ANSWER: A Multi-modal Teaching Intervention for Neurology Undergraduate Medical Education: A Randomized Cross-over Control Trial
Liah McElligott1, Muirne Spooner2, Diane Gillan3, Catriona Cahir4, Mohammad Hijaz Adenan5, Grainne Mulkerrins6, Daire Lee2, Claire Hevican7, Susan Byrne8, Norman Delanty1, Jan Illing9, John Flood2, Arnold DK Hill7, Noel G McElvaney2, Eavan McGovern1
1Department of Neurology, Beaumont Hospital, RCSI School of Medicine, 2RCSI School of Medicine, Beaumont Hospital, 3Department of Neuropsychology, Beaumont Hospital, 4Department of Research and Statistics, RCSI, 5Department of Neurology, King's College Hospital, 6Department of Neurology, Beaumont Hospital, 7Department of Surgery, RCSI School of Medicine, Beaumont Hospital, 8Department of Pediatric Neurology and Genetics, RCSI, CHI, 9Health Professions Education Centre, RCSI
Objective:

Examine the effect of ANSWER (Analogy, Switch to clinical, Embody the signs and Recall learning), a multi-modal undergraduate neurology teaching intervention, on knowledge acquisition and attitudes towards neurology in final year medical students.

Background:
Novel approaches to neurology undergraduate education can improve undergraduate knowledge and attitudes towards clinical neurology.
Design/Methods:

Final year medical students were randomly distributed into two groups; an intervention group (ANSWER teaching) and a control group (usual teaching). A crossover design was used. Baseline test and trait anxiety measured using validated State-Trait Anxiety Inventory (STAIT-5) and Test Anxiety Inventory (TAI-5). Knowledge was assessed via multiple-choice-question examination (MCQE). Neurophobia (fear of neurology) was assessed via a validated scale Neuro-Combined Measure (NCM). 

Results:

Seventy-seven final-year medical students participated. In the intervention arm,  post-intervention MCQE scores (M =13.7, SD = 2.6) were significantly higher than baseline (M =11.4, SD = 2.5) (Z = 4.818 , p = 0.000). There was a significant reduction in median NCM score from baseline (m = 30, IQR = 26, 33) to post-intervention (m = 26, IQR = 24, 31) ( Z = -2.869, p = 0.004).

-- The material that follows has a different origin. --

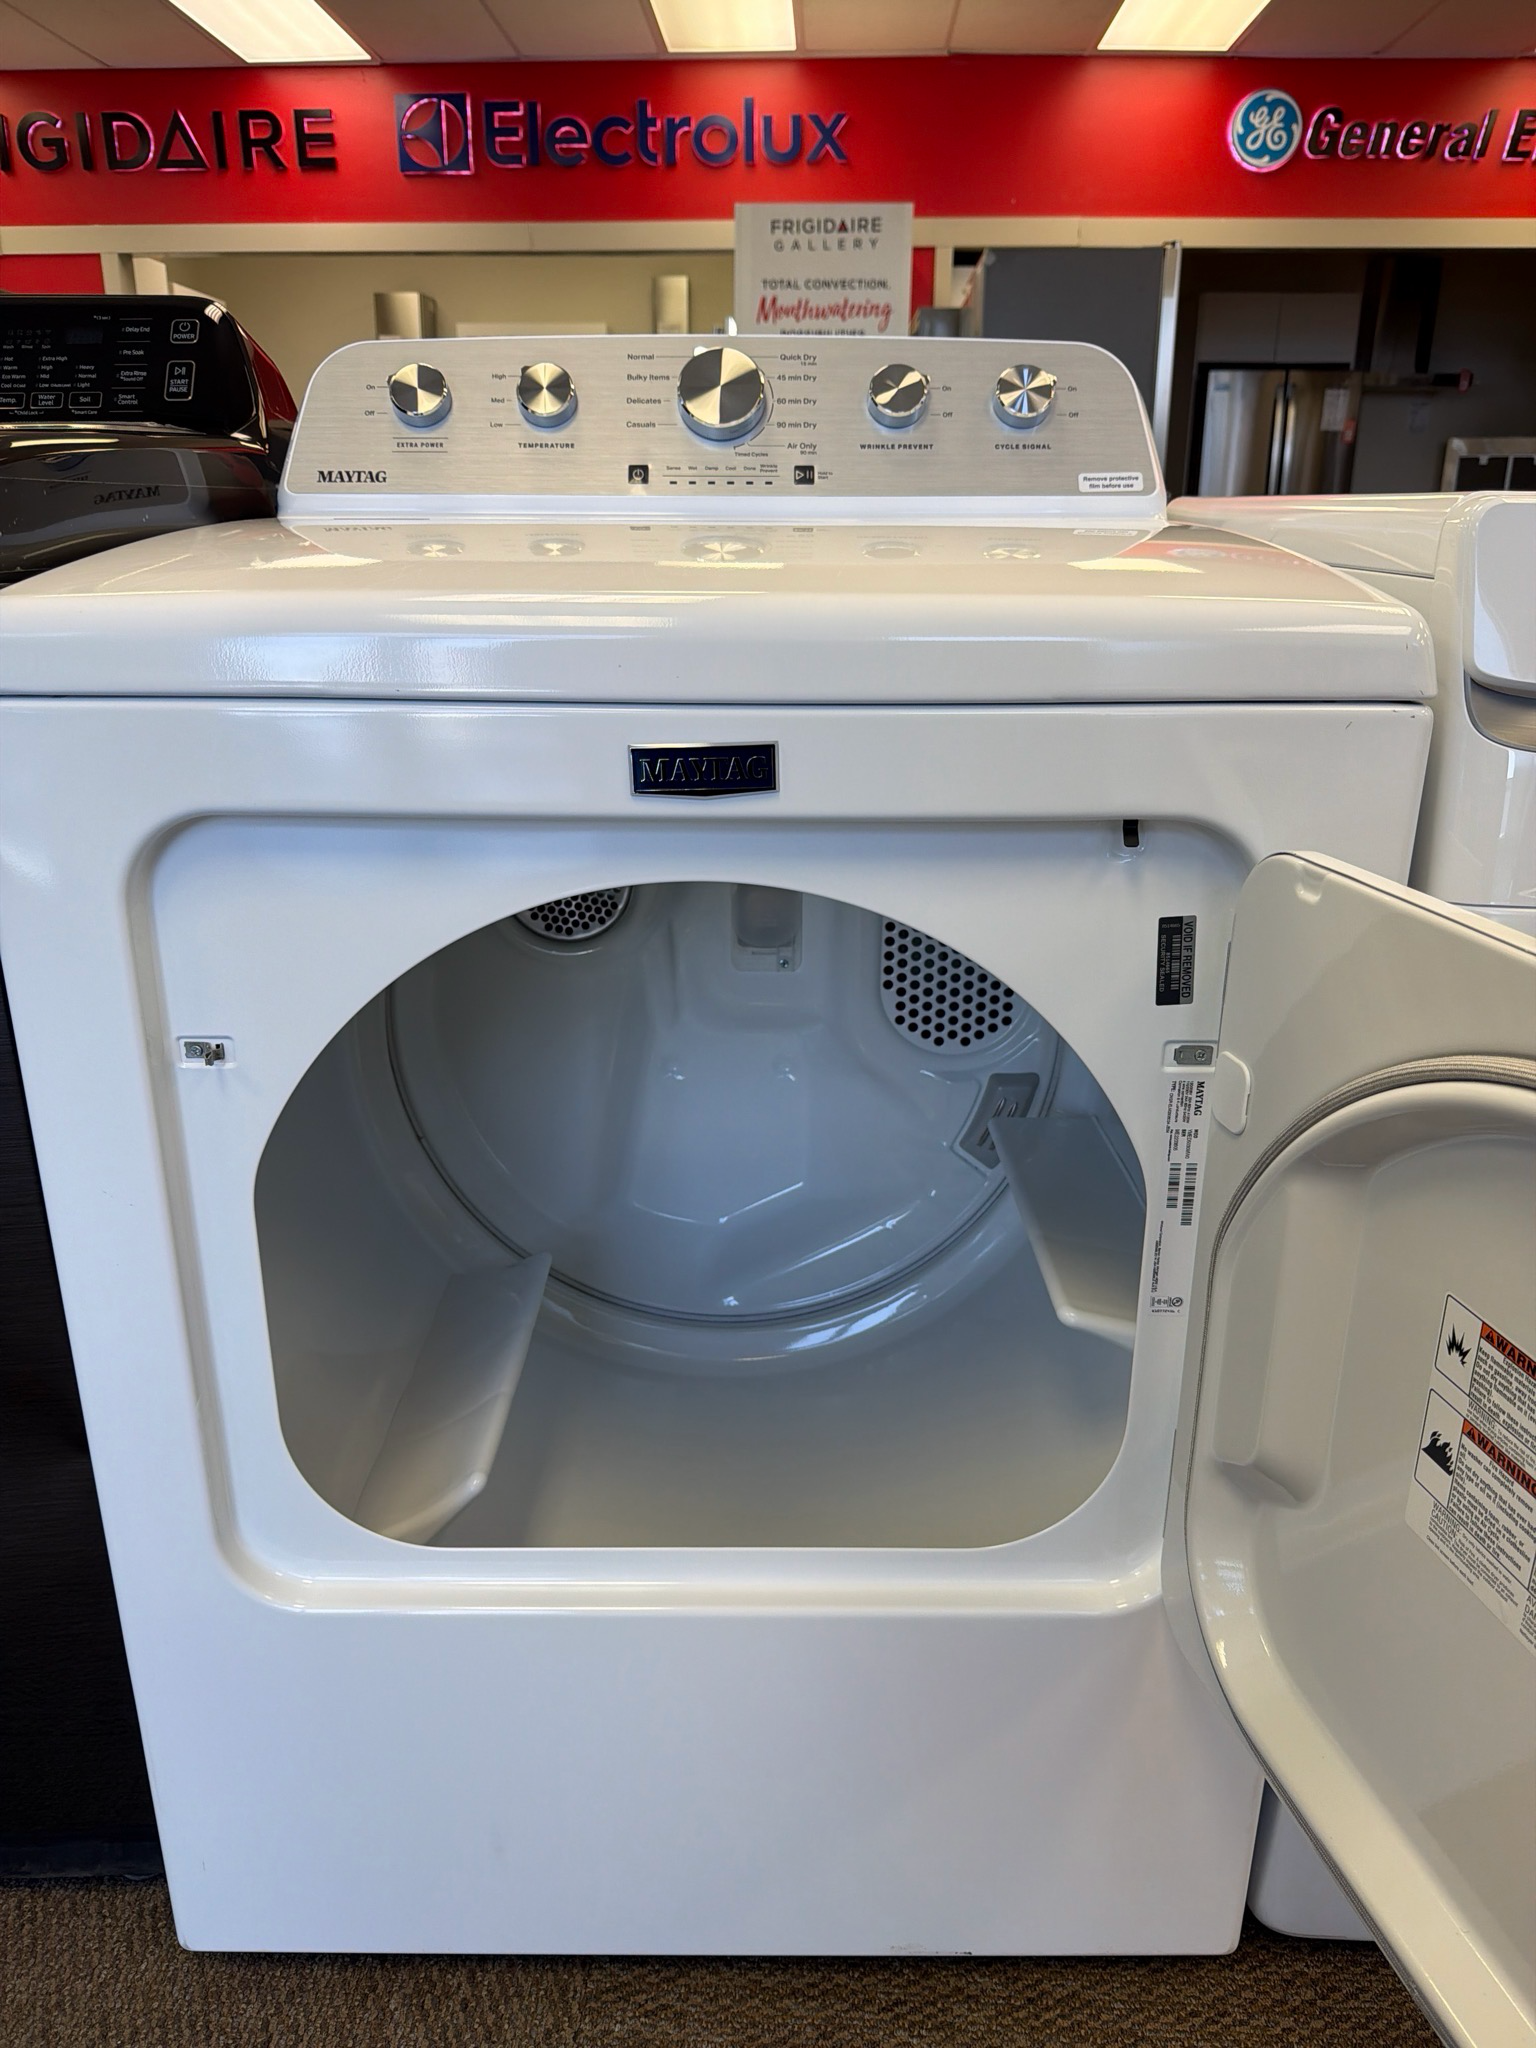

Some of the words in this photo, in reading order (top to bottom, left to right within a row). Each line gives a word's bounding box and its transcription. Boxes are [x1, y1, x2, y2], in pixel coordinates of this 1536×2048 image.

Both MCQE (Z = 3.508, p = 0.005and NCM (Z = -3.637, p = 0.003) changes were maintained post washout period in the intervention arm. In the control arm, there was no significant change in MCQE  pre (M = 11.4, SD = 3.3) and post-usual teaching (M = 12.3, SD =3.3) (Z = 1.782, p = 0.074) or NCM pre (m = 28.5, IQR 25,33) and post usual teaching (m = 28.5, IQR 25,31) (Z = -1.098 , p = 0.272). 

 

Conclusions:
ANSWER teaching technique improved knowledge acquisition and reduced neurophobia in final year medical students. Students reported ANSWER improved their understanding of neurology and preparedness for examinations, making it a promising tool for teaching neurology.